OpinionPREMIUM

The BEE question we need to answer

If the ANC contemplated the past 30 years honestly, it would realise that redress does not equal reform

Finance minister Enoch Godongwana has agreed to keep the VAT rate unchanged. File image
Finance minister Enoch Godongwana has agreed to keep the VAT rate unchanged. File image (Esa Alexander/Reuters)

Hardly anyone I listen to or read has any hope that finance minister Enoch Godongwana will lift the South African economy from its languor when he delivers the 2025 budget on Wednesday.

He may dwell on the slight uptick in consumer confidence in the wake of the formation of a government of national unity last year, but markets and investors will be more interested in him not making any of our fiscal or economic problems, including our debt, worse than they already are. 

With US President Donald Trump on the warpath against South Africa, it’s inevitable there’ll be some economic cost and that, in turn, will feed directly into the ANC’s trifecta of political crises — poverty, inequality and unemployment. In a way the ANC would like that — it thrives on victimhood.

The scariest thing for a party like the ANC is success. What if all our problems were suddenly solved? The essence of our current politics came through strongly during the state of the nation address last week and the subsequent debate about it,     

There was a lot of insult with attacks on BEE and ANC         positions on land, health and schools. The ANC in turn insisted that opposition attacks on it were thinly disguised attempts to overthrow the state. All very mature. 

“The ultra-right lunatic fringe in this country,” said electricity minister Kgosientsho Ramokgopa, “... seeks to undermine the transformation project ... now they have found an ally [in Trump]. They are detonating the nuclear options to ensure they undermine the economy of this country to create a groundswell of social discontent that will unseat this government.” 

But if you tot up the gains of “transformation” by all ANC governments since 1994 you would be hard-pressed to come up with more than a handful of positive, macroeconomic outcomes. 

For the most part transformation, or its BEE component, has delivered significant personal wealth but total disaster where it touches the state — SAA, the Post Office, the railways, local governments, the hospitals, the schools. 

Given what black South Africans were put through before 1994, redress is critical and BEE, to the extent that it creates a black middle class, has helped keep the peace. But the lines of the poor have lengthened in spite of it. 

Or maybe because of it. Redress and reform are not the same thing and President Cyril Ramaphosa’s promise to create a new R100bn fund to finance BEE will simply involve taxing the salaries and profits earned in a largely productive private sector to feed supplicant businesses dependent on the state. Maybe that is the point, but ministers shouldn’t delude themselves that transformation automatically means growth and success. It doesn’t. 
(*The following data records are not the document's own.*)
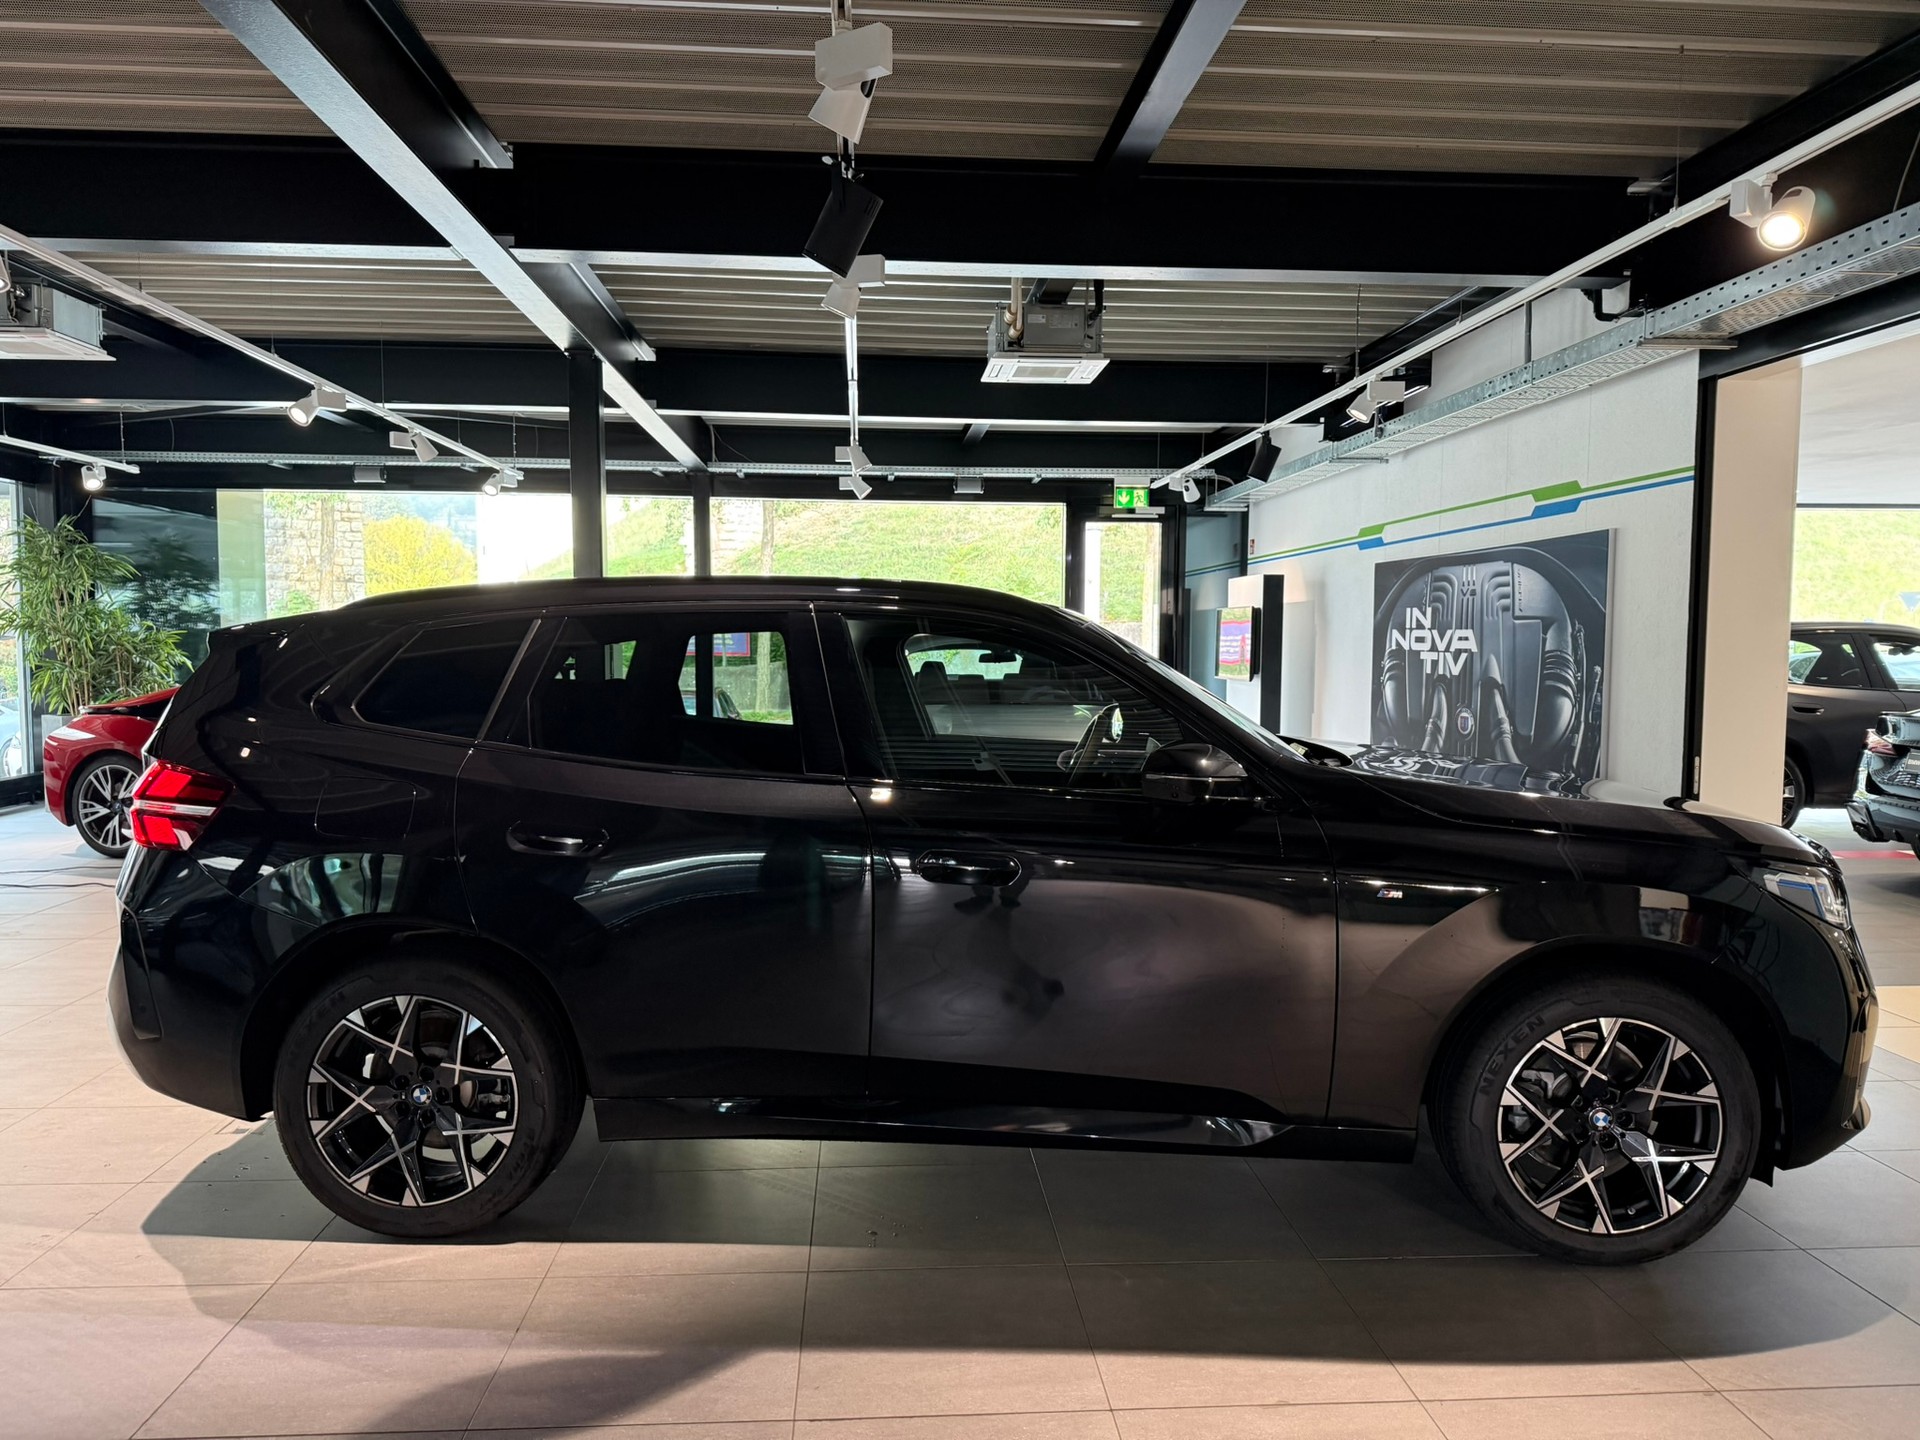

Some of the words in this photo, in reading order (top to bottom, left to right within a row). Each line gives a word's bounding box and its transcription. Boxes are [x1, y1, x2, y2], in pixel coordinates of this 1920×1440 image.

[1405, 607, 1432, 629] IN
[1391, 628, 1478, 653] NOVA
[1420, 651, 1468, 676] TIV
[1479, 1013, 1545, 1096] NEXEN
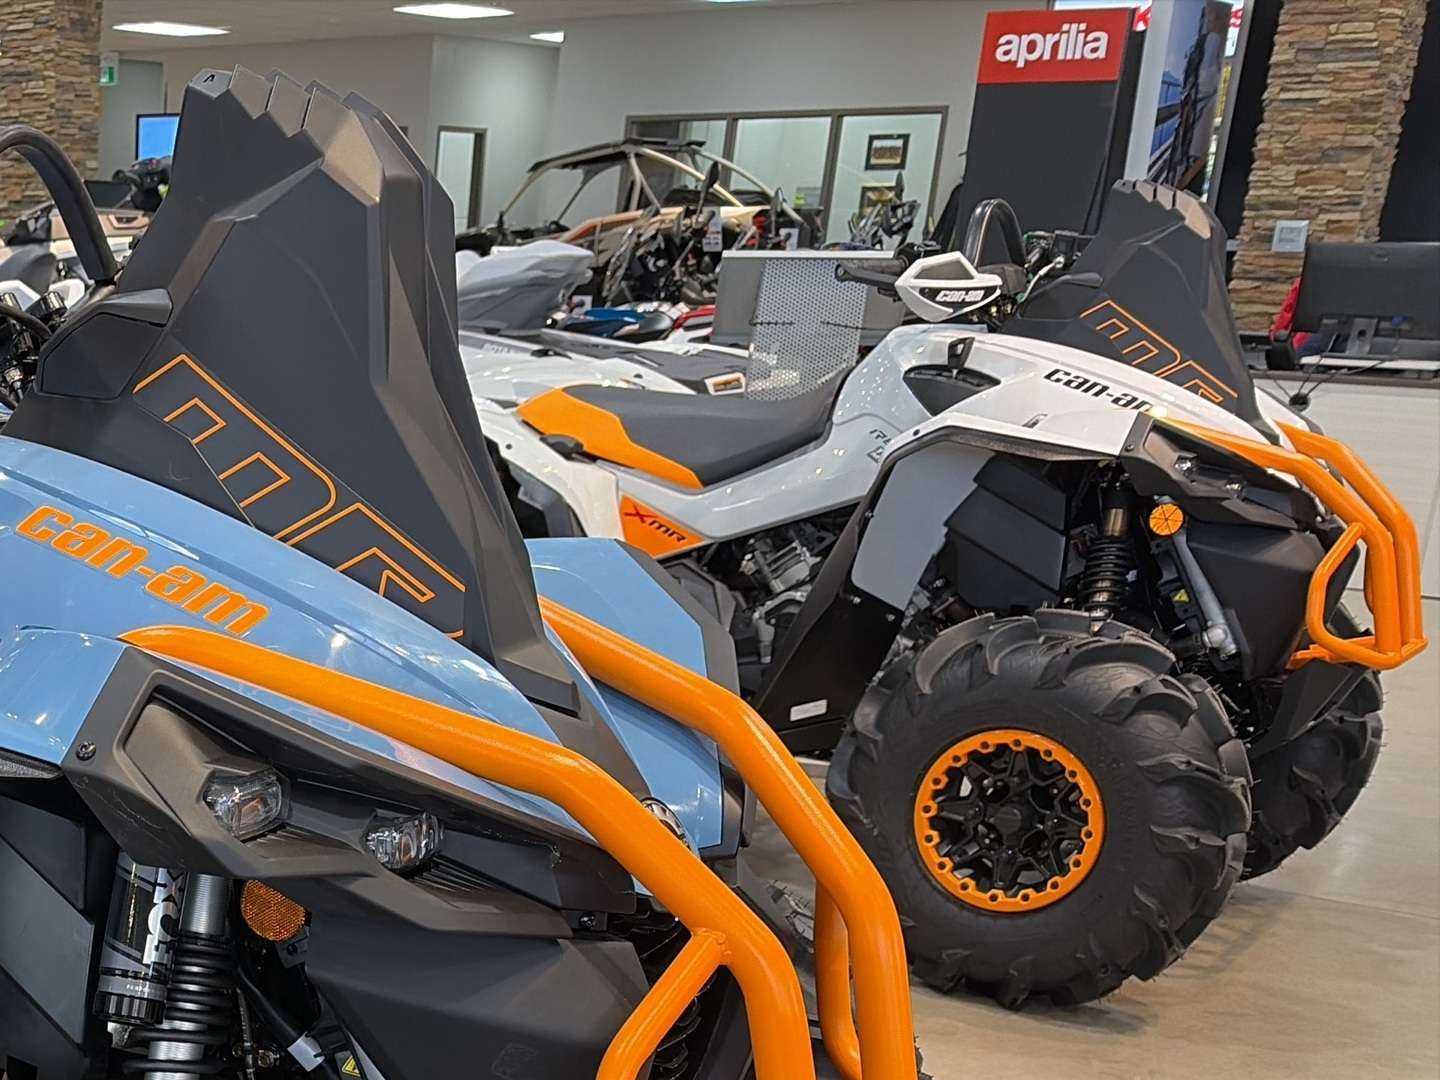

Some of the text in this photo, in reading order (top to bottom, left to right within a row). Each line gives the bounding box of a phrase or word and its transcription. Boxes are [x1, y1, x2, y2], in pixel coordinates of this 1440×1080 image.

[994, 22, 1110, 65] aprilia
[935, 289, 985, 301] can-am
[14, 503, 269, 637] can-am
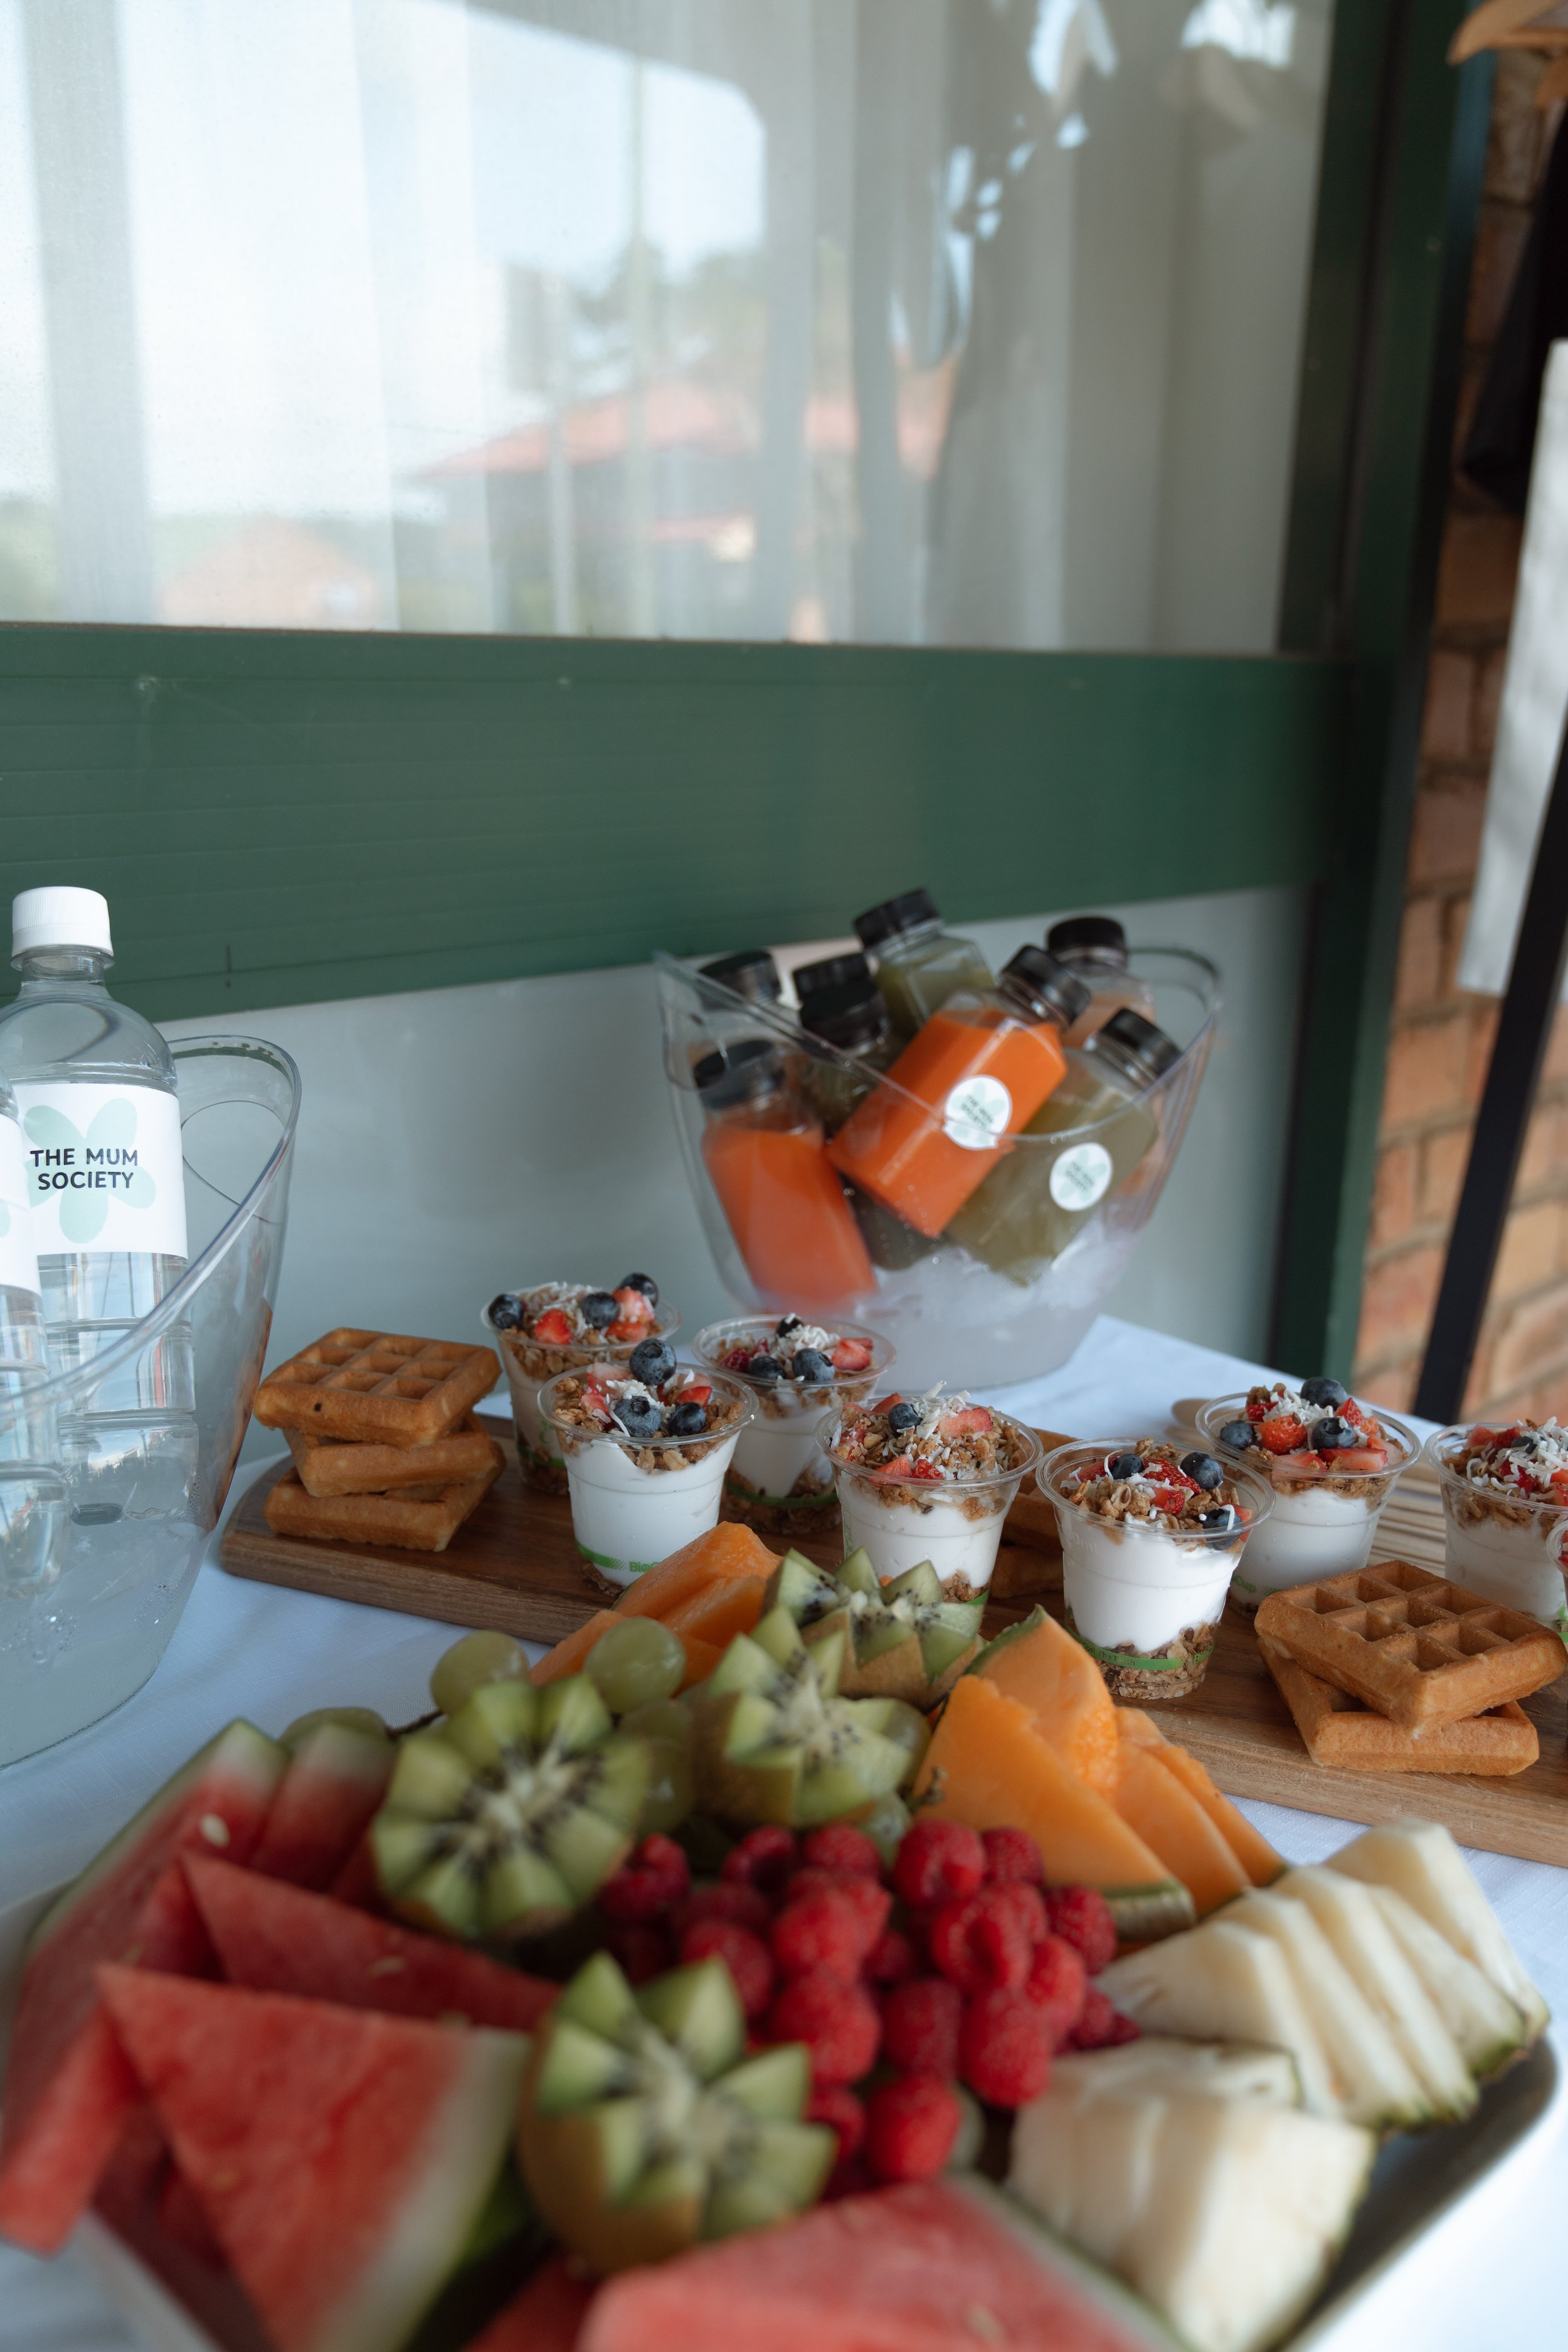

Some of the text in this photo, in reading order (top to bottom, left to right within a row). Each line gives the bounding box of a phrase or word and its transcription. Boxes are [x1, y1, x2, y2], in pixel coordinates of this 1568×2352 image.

[30, 1148, 138, 1167] THE MUM
[38, 1171, 134, 1190] SOCIETY
[1232, 1575, 1256, 1593] Cup
The most recent World Bank report on South Africa makes the same point about the minimum wage — it’s hard to measure the benefits, if any. But the bank likes the faint outlines of reform it sees. 

“South Africa’s long-term economic growth prospects are weak given the current policy mix and foreseeable external circumstances,” it says. “Future labour demand is unlikely to be high enough to create the number and quality of jobs needed to reduce inequalities, unless structural reforms are implemented to stimulate growth.” 

The trade-off between redress and reform isn’t easy. BEE funds the ANC, for a start, and real reform is painfully slow. BEE, not affirmative action and not state assistance to black companies, has become a path for lazy and ultimately unproductive capital. 

Its beneficiaries should be required by law to turn their good fortune into new, productive and measurable investments. 

 Transnet, supposedly the next big state elephant up for ‘reform’, has done hardly anything yet to warrant the hopes being placed in it. Despite its posturing, it is extremely reluctant to concede anything substantial to the private sector. 

Why can we not frame a discussion about redress in any way other than as a direct transfer of wealth? The World Bank says that at the rate we’re going it’ll take another 60 years to become a developed nation. 

 Ramaphosa replied on Thursday to the Sona debate with an appeal for unity, saying we should use a promised national dialogue this year to find “concrete processes” to pull us all together. 

Indeed, though president has not helped organisers of the dialogue by appearing to hijack it. But if it were allowed to venture   beyond mere rhetoric and to ask to what question is more and more BEE the answer? — it might not be a complete waste of time. 

• AfriForum has complained that my column last week incorrectly reported it has been calling farm murders a “white genocide”. They say they have not and I am happy to retract the remark and apologise for making it.